South Carolina added a new high stakes jackpot to its lottery lineup Tuesday, agreeing to make the multistate Mega Millions game available in the Palmetto State by the end of January.
Mega Millions will join the ranks of the popular Powerball game as the state's second $1 ticket that offers lucky players a long-shot, multimillion-dollar payoff for picking six numbers.
"We realized we had to do this," said Paula Harper Bethea, executive director of the South Carolina Education Lottery, who said cross-selling had become inevitable.
Bethea asked the lottery commission to approve the new game at its quarterly board meeting.
Adding the MegaMillions jackpot to South Carolina's lottery repertoire could net at least $15 million to $22 million a year in additional money transferred to the state for education use, she said.

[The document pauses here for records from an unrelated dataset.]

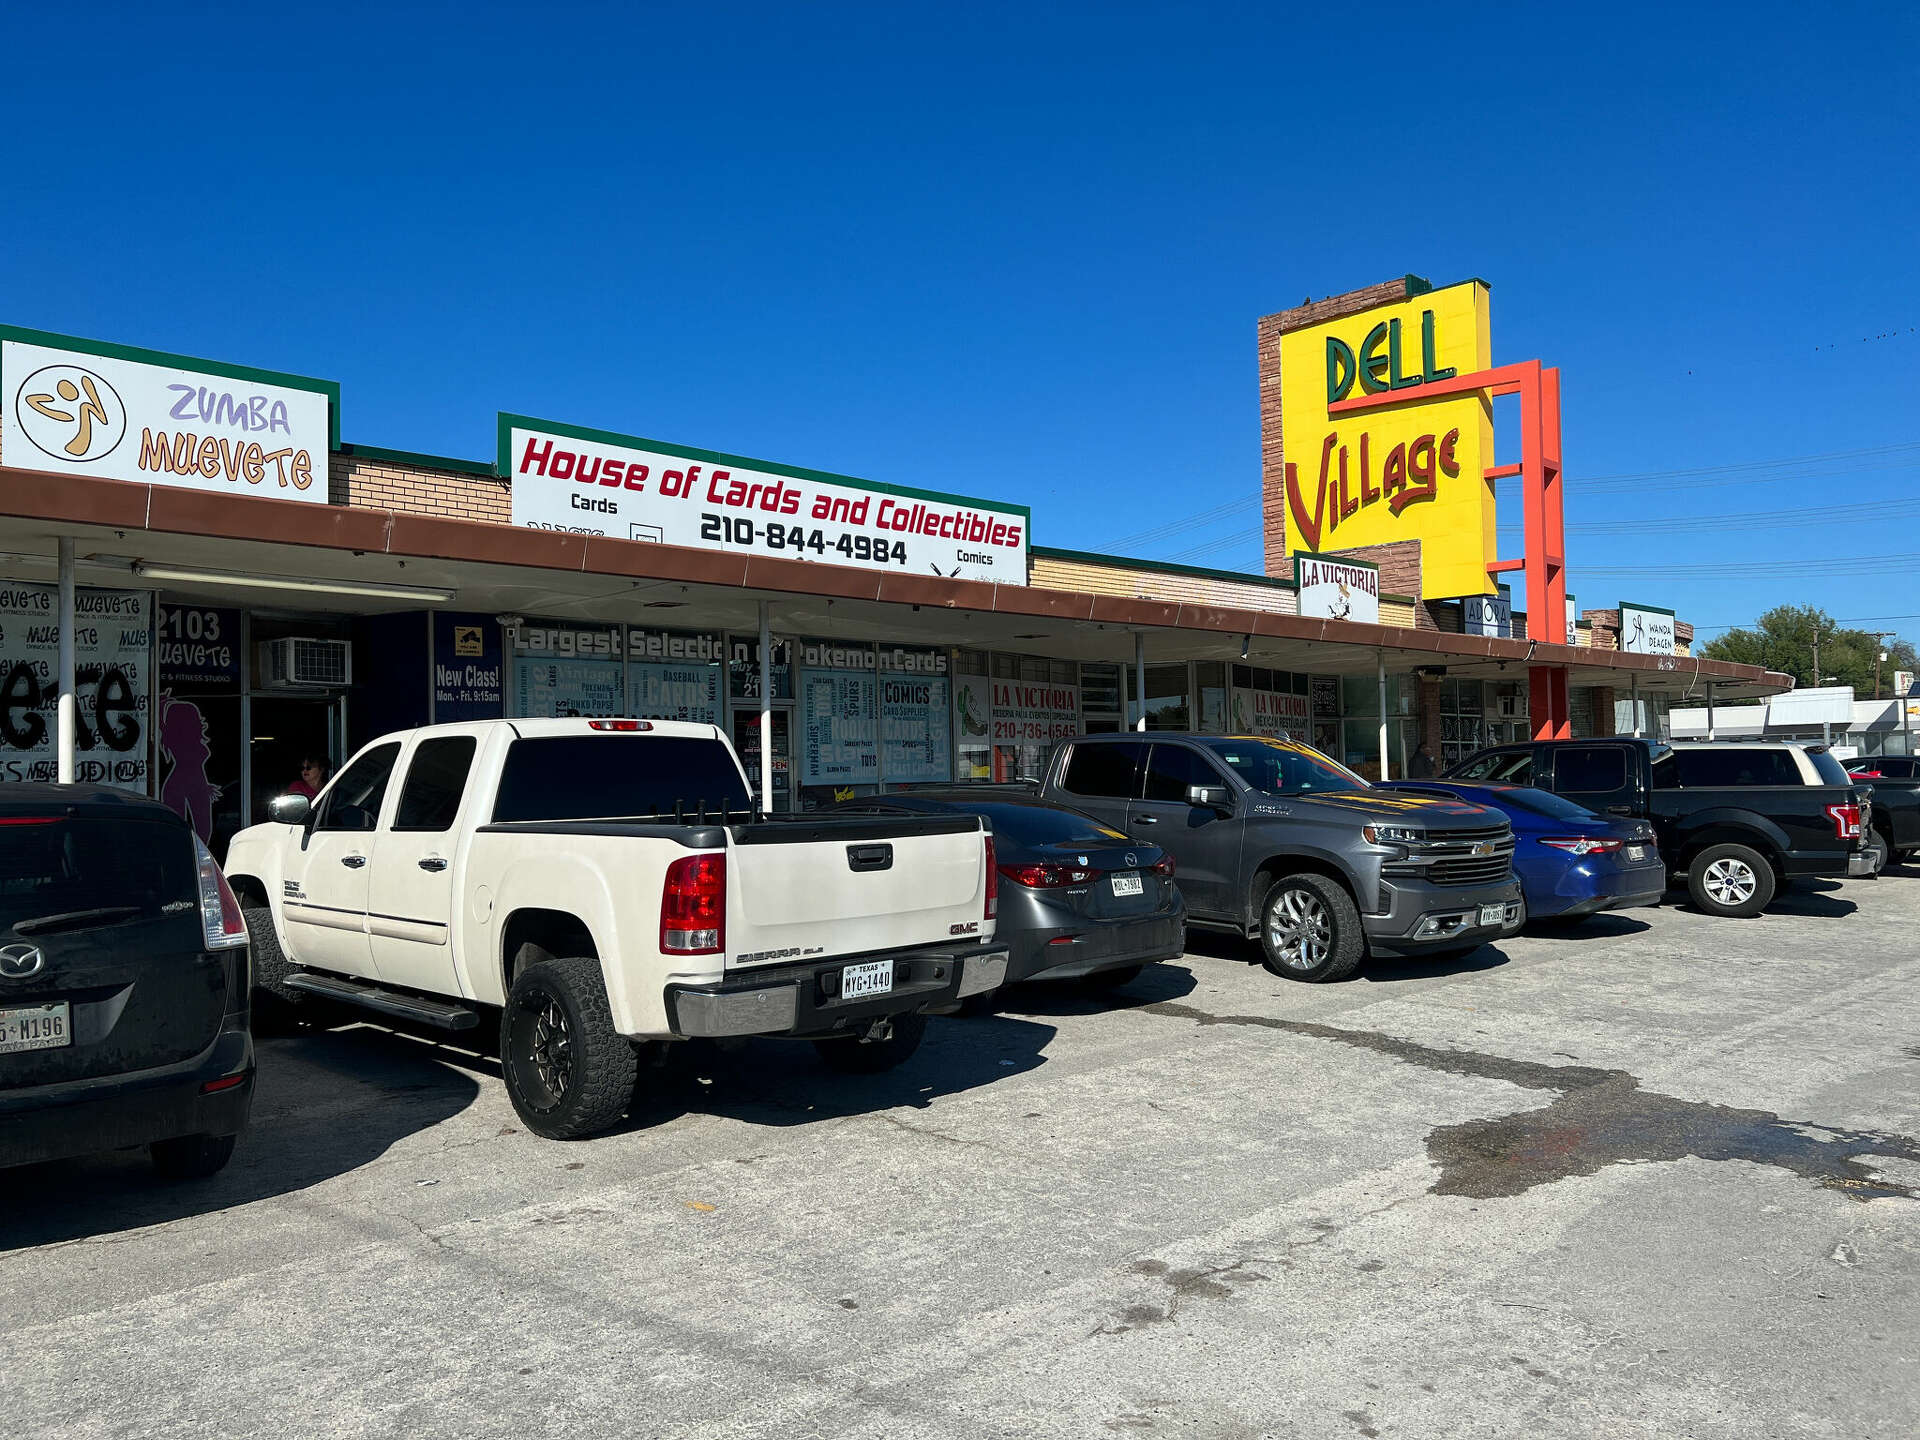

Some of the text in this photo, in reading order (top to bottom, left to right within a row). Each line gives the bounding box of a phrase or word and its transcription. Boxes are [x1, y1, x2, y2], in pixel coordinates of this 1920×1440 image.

[1326, 309, 1456, 403] DELL
[167, 383, 291, 435] ZUMBA
[519, 438, 1022, 548] House of Cards and Collectibles
[571, 492, 618, 515] Cards
[700, 512, 908, 566] 210-844-4984
[956, 548, 994, 567] Comics
[1302, 560, 1377, 598] LA VICTORIA
[160, 607, 221, 641] 2103
[1468, 600, 1507, 624] ADORA
[1648, 623, 1672, 635] WANDA
[514, 624, 623, 657] Largest
[896, 648, 948, 674] Cards
[1648, 636, 1672, 649] DEAGEN
[436, 664, 500, 688] New Class!
[663, 670, 702, 684] BASEBALL
[743, 684, 777, 698] 215
[849, 681, 860, 717] SPURS
[885, 682, 931, 705] COMICS
[993, 684, 1075, 711] LA VICTORIA
[1256, 693, 1267, 713] LA
[1270, 695, 1307, 717] VICTORIA
[810, 726, 820, 776] SUPERMAN
[861, 754, 878, 768] TOYS
[949, 920, 979, 936] GMC
[736, 947, 801, 964] SIERRA
[859, 964, 879, 972] TEXAS
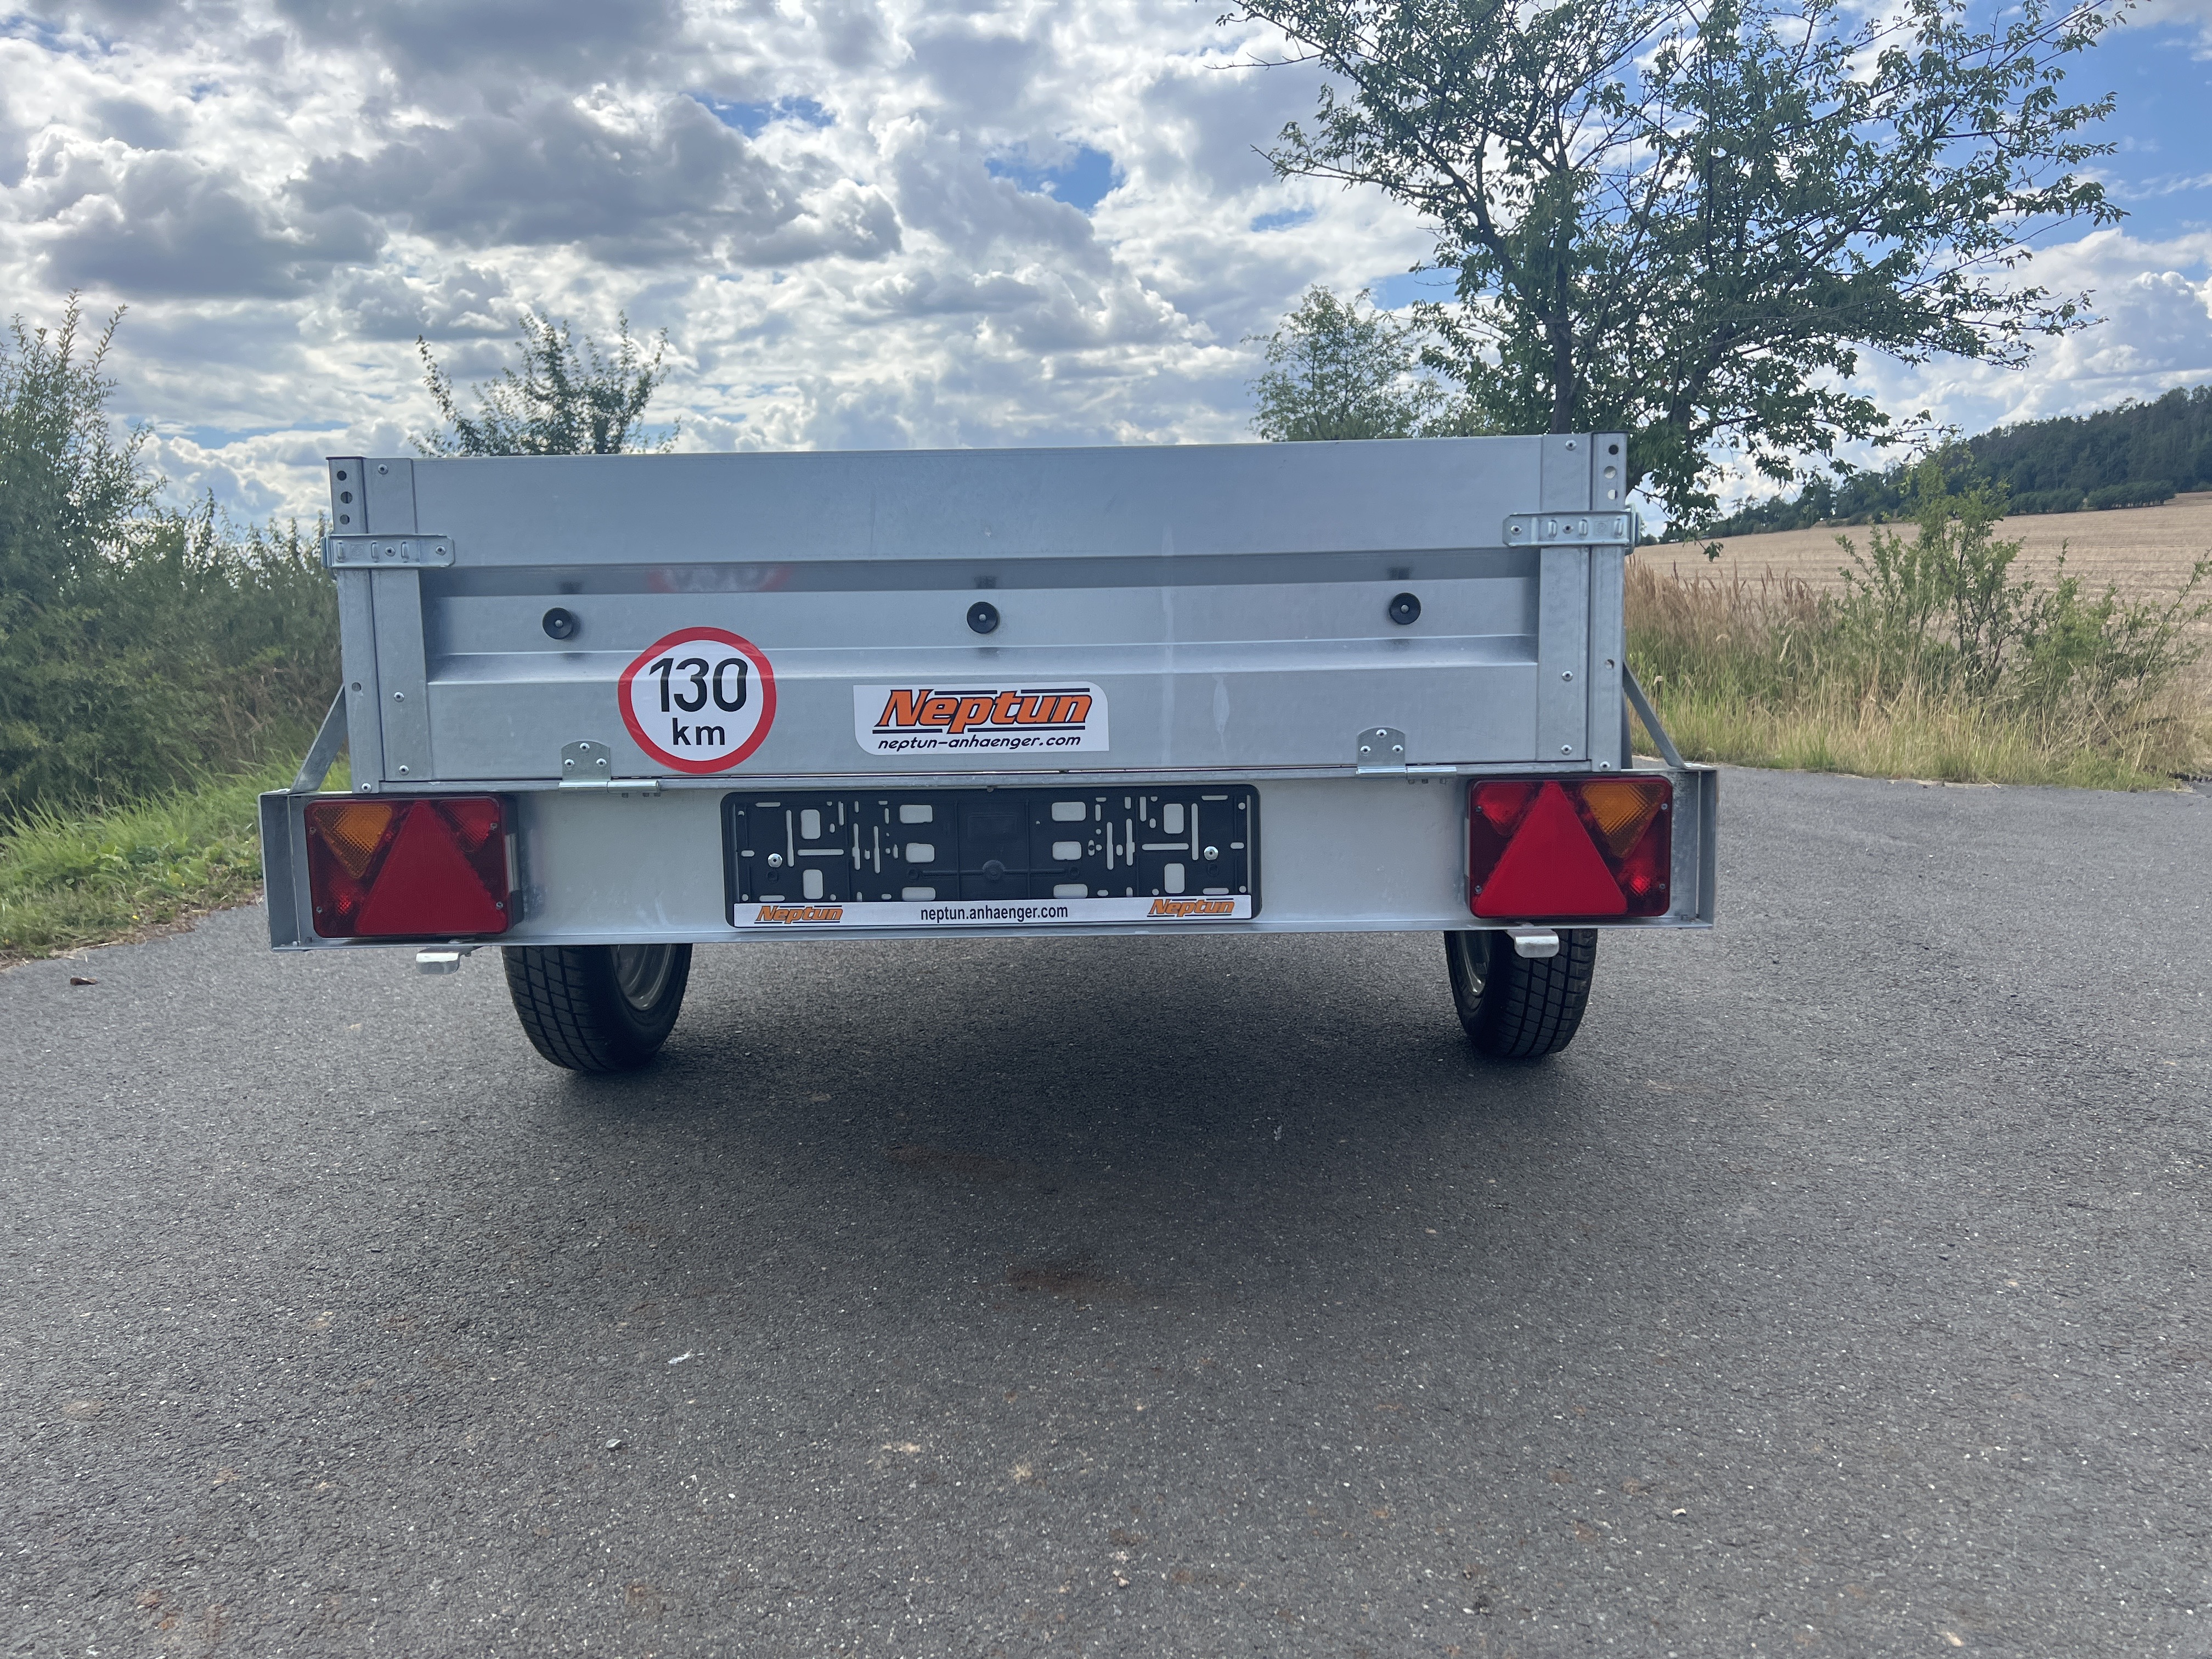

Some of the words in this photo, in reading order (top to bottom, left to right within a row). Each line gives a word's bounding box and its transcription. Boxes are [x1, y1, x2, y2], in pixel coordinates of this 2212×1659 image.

"We are down the road on being ready and prepared to do this," said Bethea.
The commission approved the change unanimously Tuesday, following a similar move last week by North Carolina, and agreed to drop the Mega Match 6 scratch-off at year's end to avoid name confusion.
Though no formal agreement is in place between purveyors of the two big games, Georgia also has agreed to add Powerball, played primarily in smaller states, to its featured Mega Millions big-game jackpot lineup.
Cross-selling, as this lottery realignment is known, will give lottery players the opportunity to purchase the big-game lottery ticket they want in their own home states, officials said.
That would eliminate the need for Powerball players in a state like South Carolina to cross the border when Mega Millions jackpots rise in an adjoining state like Georgia, and vice versa, officials reasoned.
Multistate lotteries would be available to players in their home states four nights a week under the new lineup - Tuesdays and Fridays for Mega Millions and Wednesdays and Saturdays for Powerball.
Tuesday's Mega Millions jackpot was worth an estimated $77 million, and tonight's Powerball jackpot, which is available for purchase in South Carolina, is worth an estimated $96 million.The two games also have similar, very long odds against winning the total jackpot - 1 in 175.7 million for MegaMillions and 1 in 195.2 million for Powerball.
Mega Millions is played in larger states such as Georgia, New York, New Jersey, Ohio and California, while Powerball is featured in less populated states like many in the South and Midwest.
For the second time in its history - and with the state's unemployment rate hovering above 10 percent in 2008 and 2009 - South Carolina this fiscal year had total lottery sales topping $1 billion. Lottery officials said they transferred more than $260 million to be spent on education.
Lottery proceeds go to K-12 programs, higher-education programs and merit-based scholarships, and to community education programs.
"We have no concerns about it," Tim Madden, lottery commission chairman, said of adding Mega Millions, which he said has been under discussion for up to two years.
"This hits the exact demographic we need in order to increase sales - those with higher incomes and a higher education base," like Powerball.